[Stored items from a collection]
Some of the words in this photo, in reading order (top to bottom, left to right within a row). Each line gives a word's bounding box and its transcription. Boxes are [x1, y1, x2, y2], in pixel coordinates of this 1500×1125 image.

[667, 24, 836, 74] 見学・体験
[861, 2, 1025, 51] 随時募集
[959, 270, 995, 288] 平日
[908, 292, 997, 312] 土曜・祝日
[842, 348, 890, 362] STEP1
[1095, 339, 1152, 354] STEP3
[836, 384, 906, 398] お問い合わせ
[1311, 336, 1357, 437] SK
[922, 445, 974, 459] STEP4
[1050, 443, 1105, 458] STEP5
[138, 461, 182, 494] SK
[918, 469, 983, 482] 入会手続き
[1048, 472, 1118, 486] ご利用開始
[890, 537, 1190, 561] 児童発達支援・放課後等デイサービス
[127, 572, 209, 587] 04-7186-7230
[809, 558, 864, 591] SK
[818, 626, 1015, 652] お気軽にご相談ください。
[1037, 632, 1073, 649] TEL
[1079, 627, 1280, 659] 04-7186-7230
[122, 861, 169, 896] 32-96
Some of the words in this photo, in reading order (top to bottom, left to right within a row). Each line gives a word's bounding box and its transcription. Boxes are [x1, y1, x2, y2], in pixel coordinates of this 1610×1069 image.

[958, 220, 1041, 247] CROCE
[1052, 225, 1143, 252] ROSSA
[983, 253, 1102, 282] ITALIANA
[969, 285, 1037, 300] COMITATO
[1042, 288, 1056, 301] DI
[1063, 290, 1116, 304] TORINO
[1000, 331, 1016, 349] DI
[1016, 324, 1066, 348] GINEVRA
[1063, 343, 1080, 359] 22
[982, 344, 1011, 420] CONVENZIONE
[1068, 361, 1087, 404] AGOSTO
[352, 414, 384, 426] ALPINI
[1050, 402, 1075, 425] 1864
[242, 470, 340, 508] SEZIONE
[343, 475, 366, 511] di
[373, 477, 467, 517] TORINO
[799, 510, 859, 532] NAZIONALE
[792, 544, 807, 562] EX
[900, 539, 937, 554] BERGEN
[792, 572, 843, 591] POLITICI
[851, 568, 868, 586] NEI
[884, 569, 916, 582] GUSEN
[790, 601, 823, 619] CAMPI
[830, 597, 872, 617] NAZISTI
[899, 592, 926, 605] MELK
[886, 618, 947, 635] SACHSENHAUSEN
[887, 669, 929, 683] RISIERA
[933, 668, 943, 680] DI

Task brief:
For this exercise, all the data must be repeated exactly.

Answer below:
Some of the words in this photo, in reading order (top to bottom, left to right within a row). Each line gives a word's bounding box and its transcription. Boxes are [x1, y1, x2, y2], in pixel coordinates of this 1500×1125 image.

[667, 24, 836, 74] 見学・体験
[861, 2, 1025, 51] 随時募集
[959, 270, 995, 288] 平日
[908, 292, 997, 312] 土曜・祝日
[842, 348, 890, 362] STEP1
[1095, 339, 1152, 354] STEP3
[836, 384, 906, 398] お問い合わせ
[1311, 336, 1357, 437] SK
[922, 445, 974, 459] STEP4
[1050, 443, 1105, 458] STEP5
[138, 461, 182, 494] SK
[918, 469, 983, 482] 入会手続き
[1048, 472, 1118, 486] ご利用開始
[890, 537, 1190, 561] 児童発達支援・放課後等デイサービス
[127, 572, 209, 587] 04-7186-7230
[809, 558, 864, 591] SK
[818, 626, 1015, 652] お気軽にご相談ください。
[1037, 632, 1073, 649] TEL
[1079, 627, 1280, 659] 04-7186-7230
[122, 861, 169, 896] 32-96
Some of the words in this photo, in reading order (top to bottom, left to right within a row). Each line gives a word's bounding box and its transcription. Boxes are [x1, y1, x2, y2], in pixel coordinates of this 1610×1069 image.

[958, 220, 1041, 247] CROCE
[1052, 225, 1143, 252] ROSSA
[983, 253, 1102, 282] ITALIANA
[969, 285, 1037, 300] COMITATO
[1042, 288, 1056, 301] DI
[1063, 290, 1116, 304] TORINO
[1000, 331, 1016, 349] DI
[1016, 324, 1066, 348] GINEVRA
[1063, 343, 1080, 359] 22
[982, 344, 1011, 420] CONVENZIONE
[1068, 361, 1087, 404] AGOSTO
[352, 414, 384, 426] ALPINI
[1050, 402, 1075, 425] 1864
[242, 470, 340, 508] SEZIONE
[343, 475, 366, 511] di
[373, 477, 467, 517] TORINO
[799, 510, 859, 532] NAZIONALE
[792, 544, 807, 562] EX
[900, 539, 937, 554] BERGEN
[792, 572, 843, 591] POLITICI
[851, 568, 868, 586] NEI
[884, 569, 916, 582] GUSEN
[790, 601, 823, 619] CAMPI
[830, 597, 872, 617] NAZISTI
[899, 592, 926, 605] MELK
[886, 618, 947, 635] SACHSENHAUSEN
[887, 669, 929, 683] RISIERA
[933, 668, 943, 680] DI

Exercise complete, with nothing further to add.